A practitioner is faced with the challenge of setting up an urban management approach in a town in southern Africa. This is a new township, one which is to be a model for others soon to be created as a measure to build a level of local government which hardly existed outside the capital city when the country was under foreign domination.
The practitioner's role is to act as an agent of change: change from the way the town was administered in the past, change from the performance of routines, and change to the pursuit of new objectives having to do with development.
Following a particular model of urban management (which will be defined) the practitioner will first seek to create the sense of responsibility which is the basis of urban management. But to what end? Objectives and purposes will need to be found by the town authority with the practitioner's help. They cannot be dictated, as some advocate, even if they are development objectives.
Then it is necessary to create within the town authority an understanding of the tasks which it can carry out.
This will result from understanding the problems and opportunities facing the town and their relative importance.
At the same time, an understanding of the processes (of planning, developing, operating, maintaining, and resourcing) needs to be created.
Then the town authority will be helped to understand the possibilities for carrying out the tasks and processes. This will involve formulating strategic actions and relationships and detailed actions and relationships.
The creation of capacities to carry out the tasks and processes will follow. Among the choices of actions and relationships, needs will be clarified and the gaps in capacity to satisfy these needs can be identified. As these new capacities are built up, the town authority will implement more of the chosen tasks and processes and do so more effectively.
But to sustain this approach, it is necessary to create a continuing capacity building operation within the town authority.
With regard to these actions in which the practitioner has a part to play, researchers have many functions.
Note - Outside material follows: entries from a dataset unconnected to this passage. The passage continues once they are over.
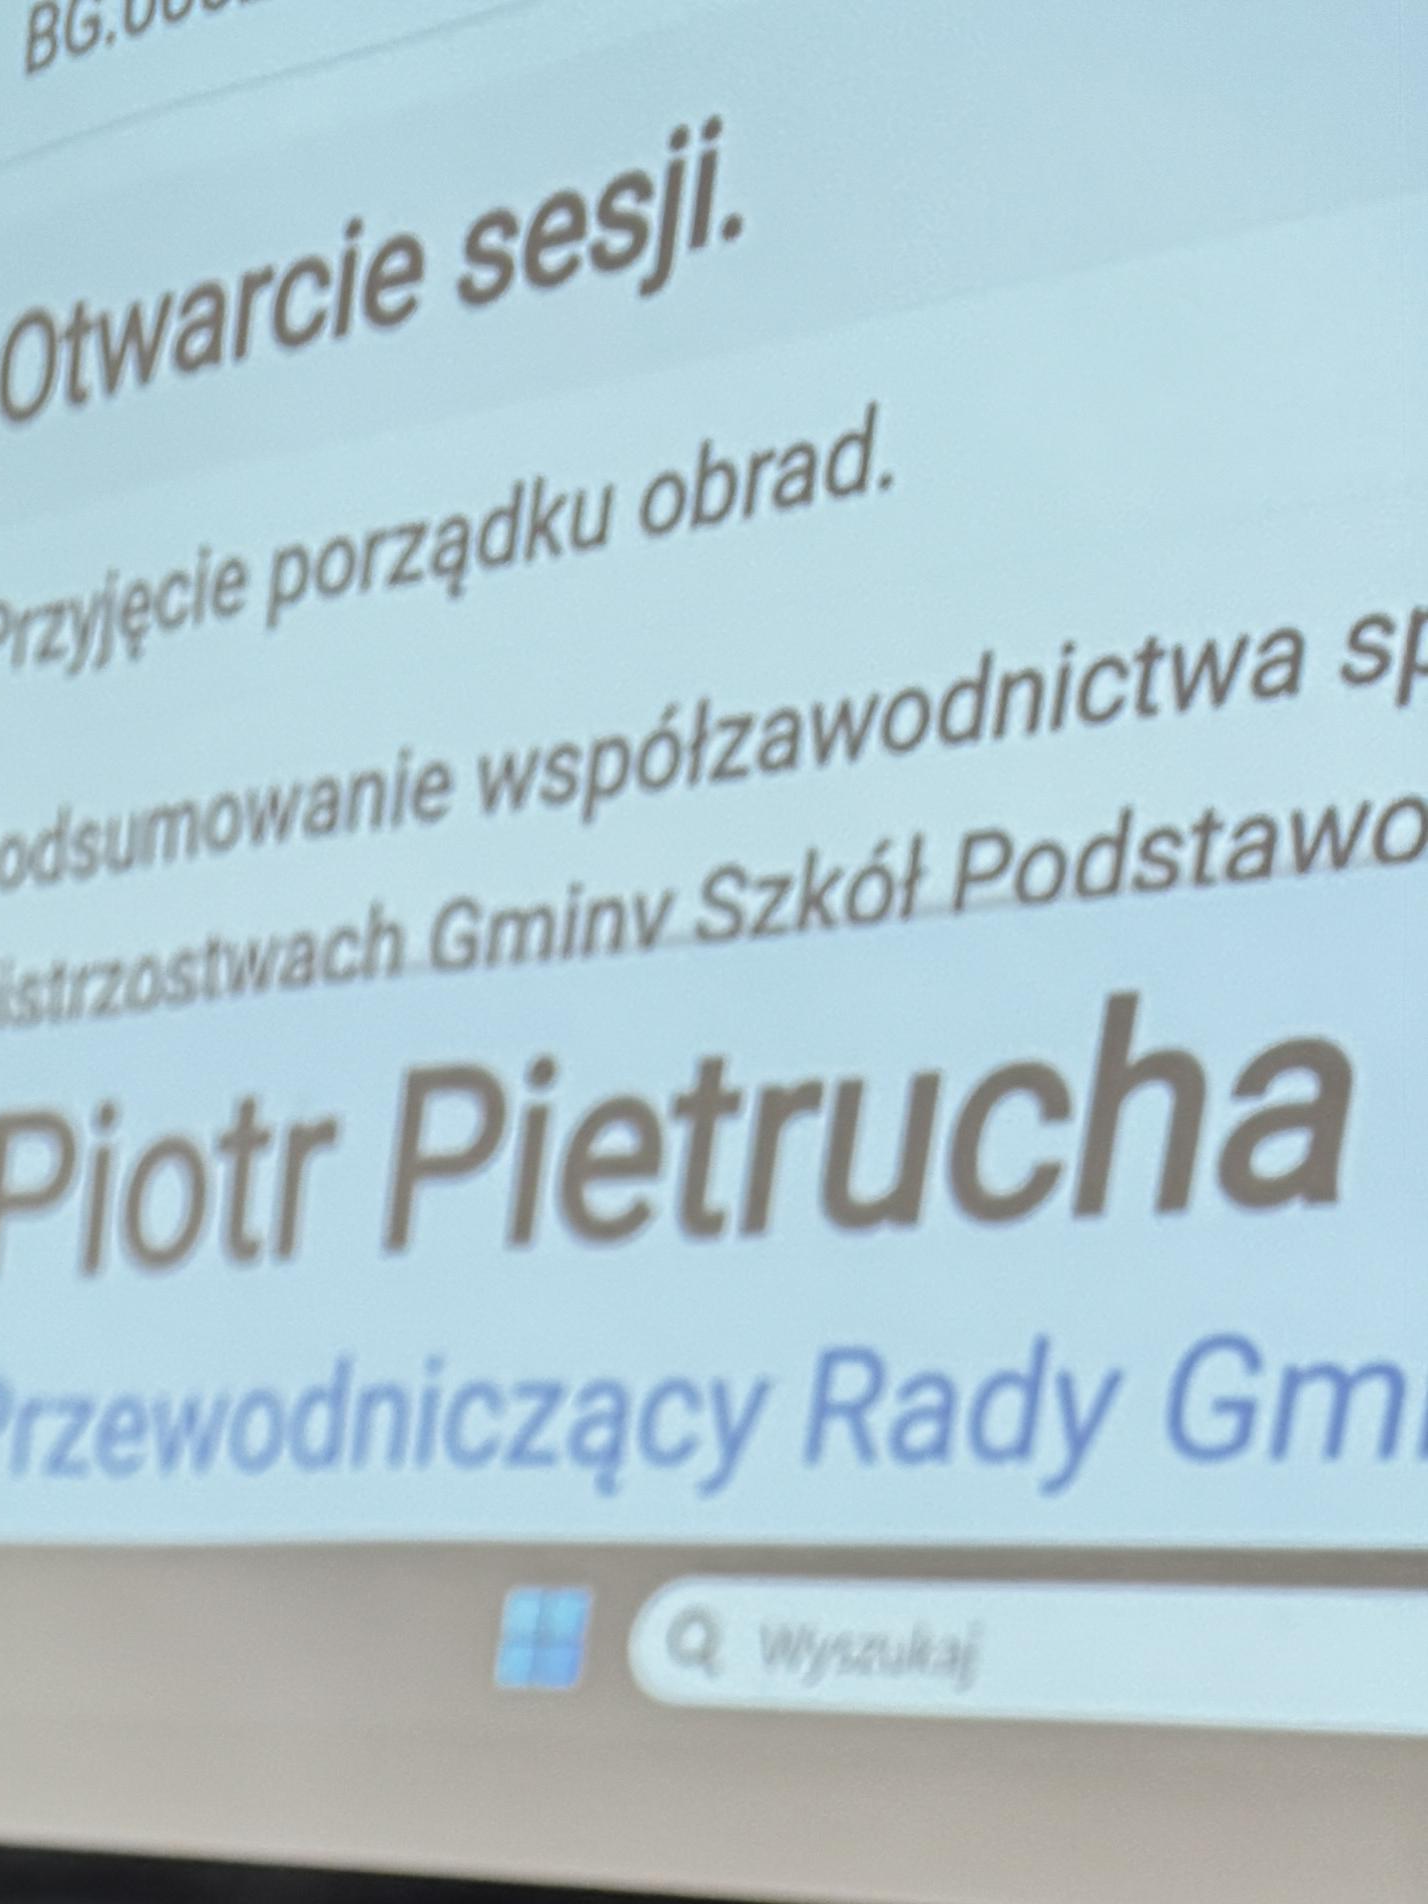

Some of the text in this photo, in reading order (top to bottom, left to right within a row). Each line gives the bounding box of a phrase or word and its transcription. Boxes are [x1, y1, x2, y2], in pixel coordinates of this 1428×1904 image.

[456, 113, 744, 309] sesji.
[265, 476, 615, 631] porządku
[637, 400, 894, 540] obrad.
[477, 627, 1307, 826] współzawodnictwa
[694, 831, 927, 947] Szkół
[953, 794, 1428, 914] Podstawo
[379, 991, 1357, 1260] Pietrucha
[803, 1336, 1124, 1498] Rady
Some of these are to investigate assumptions which underlie most of the steps above: the perception of problems and opportunities, the possibilities for strategy and action open to the town authority, the definition of needed actions by the town authority, the perceptions of barriers to capacity building, and the effectiveness of actions to make capacity building continuous.
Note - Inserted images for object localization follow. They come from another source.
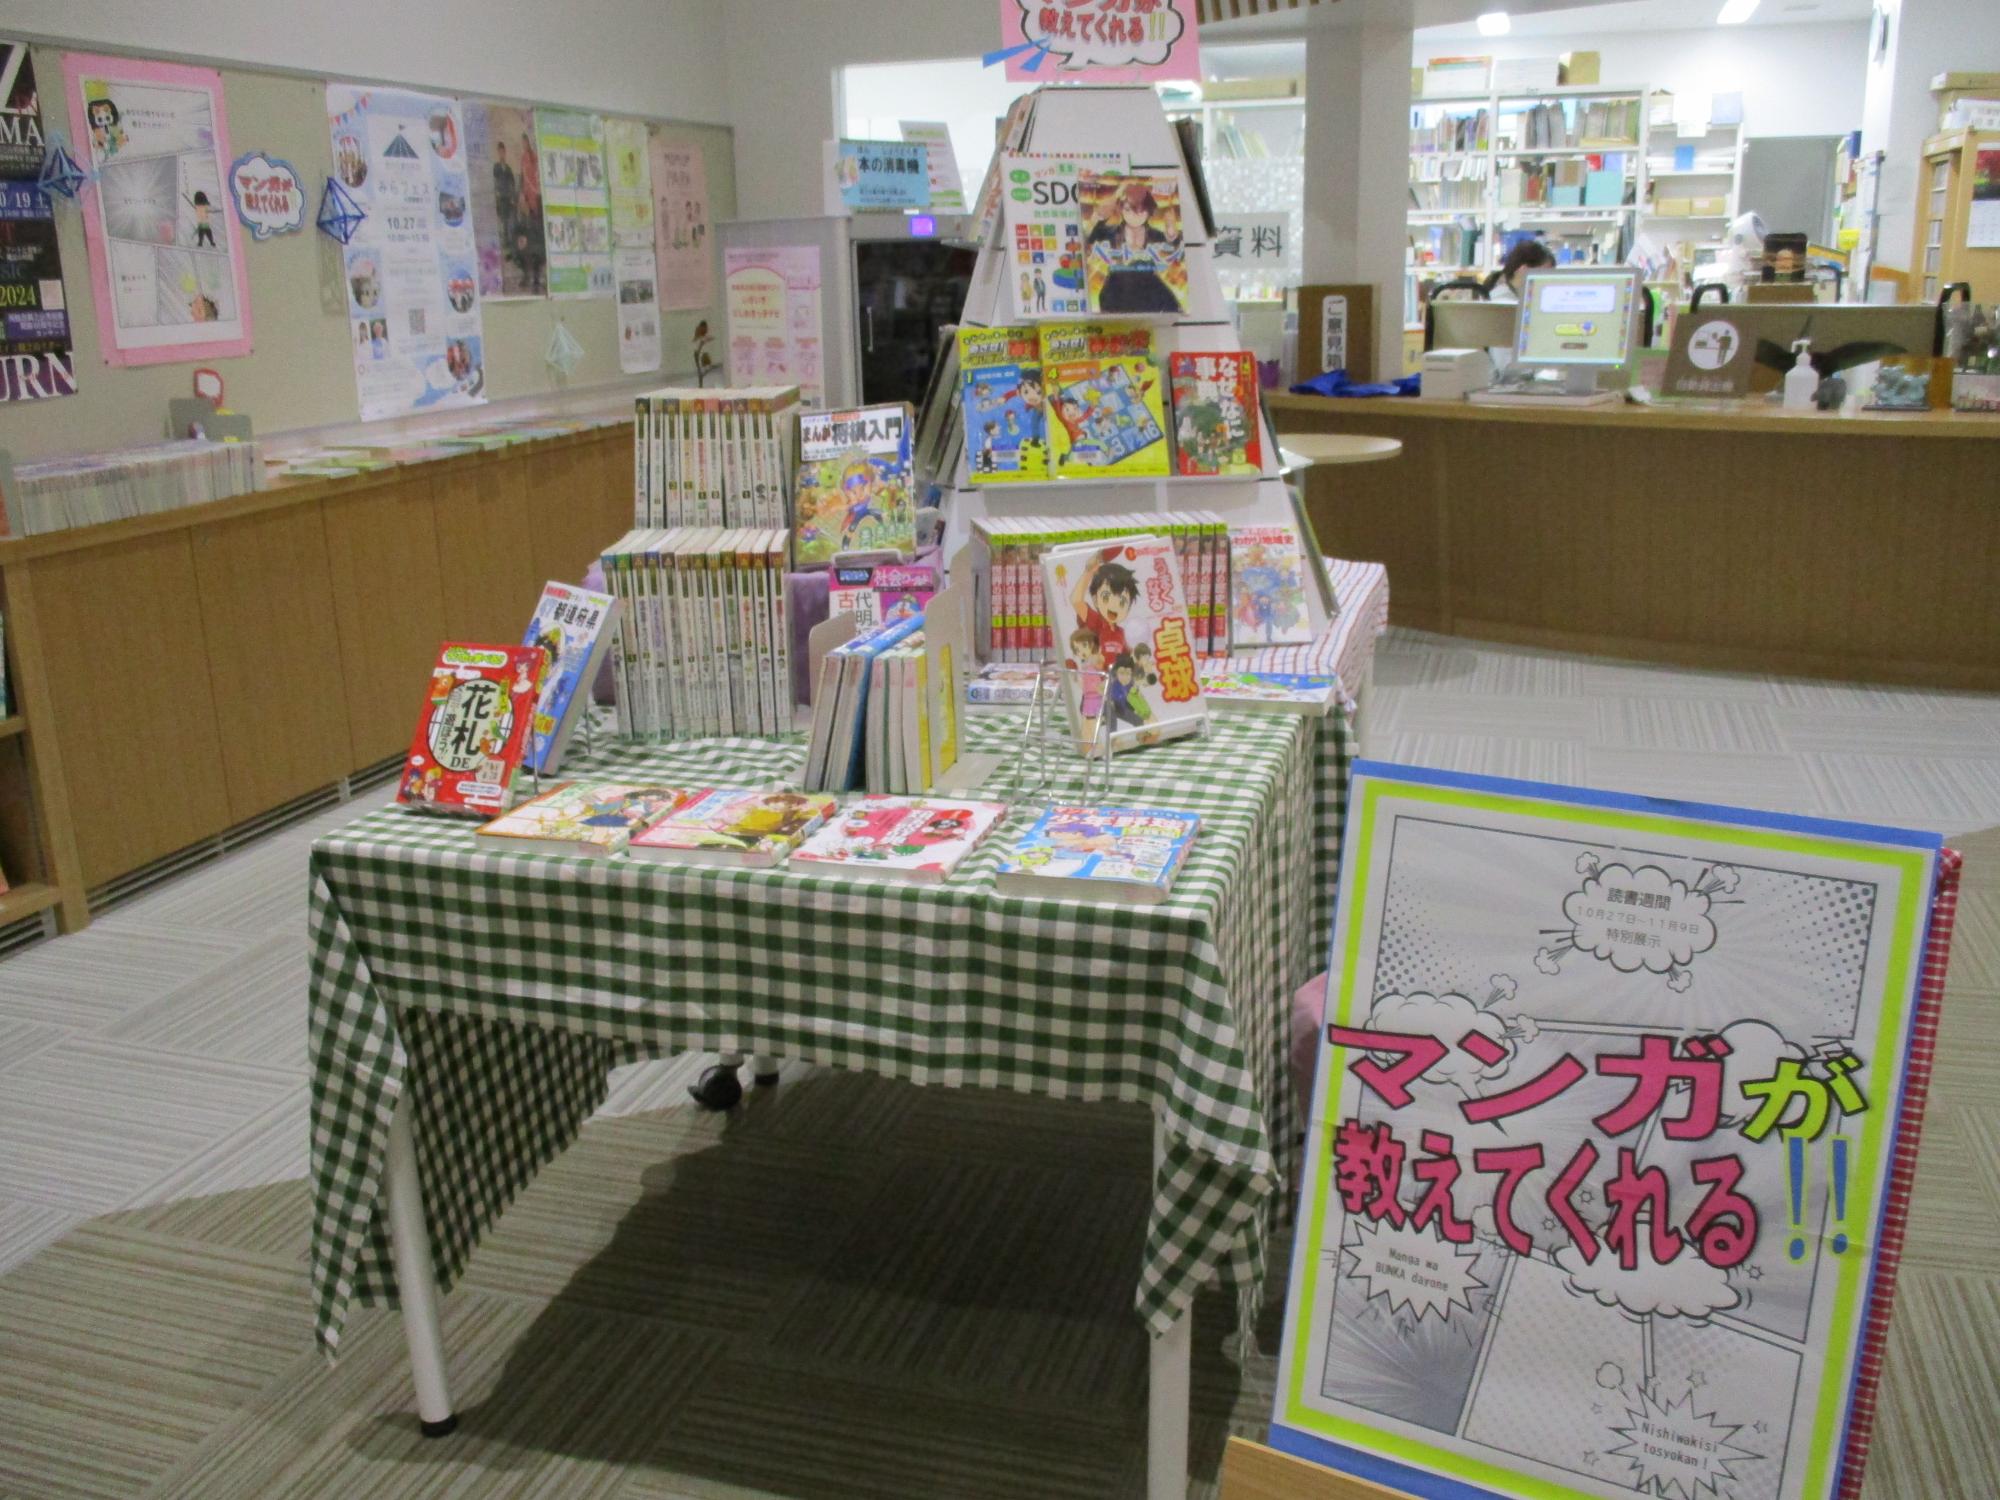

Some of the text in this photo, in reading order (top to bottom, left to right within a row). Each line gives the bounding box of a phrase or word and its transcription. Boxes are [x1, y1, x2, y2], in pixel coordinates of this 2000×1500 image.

[1153, 617, 1200, 703] 卓球
[450, 683, 498, 756] 花札
[450, 756, 471, 769] DE
[1606, 887, 1672, 911] 読書週間
[1605, 927, 1662, 949] 特別展示
[1327, 1023, 1869, 1143] マンガが
[1389, 1247, 1439, 1271] Manga wa
[1375, 1261, 1449, 1292] BUNKA dayone
[1641, 1421, 1718, 1454] Nishiwakisi
There are several basic aspects of the practitioner's role which need to be researched: the effectiveness of the relationship between the practitioner and the town authority and the assumptions underlying the model of urban management used by the practitioner.
Finally, there is the need for research to establish a base line of data against which any changes can be compared which might indicate the results of an urban management approach.
The paper will investigate how these concerns are given real substance in the case of this particular town, in order to illustrate the nature of the roles which both practitioner and researcher play in establishing an urban management approach.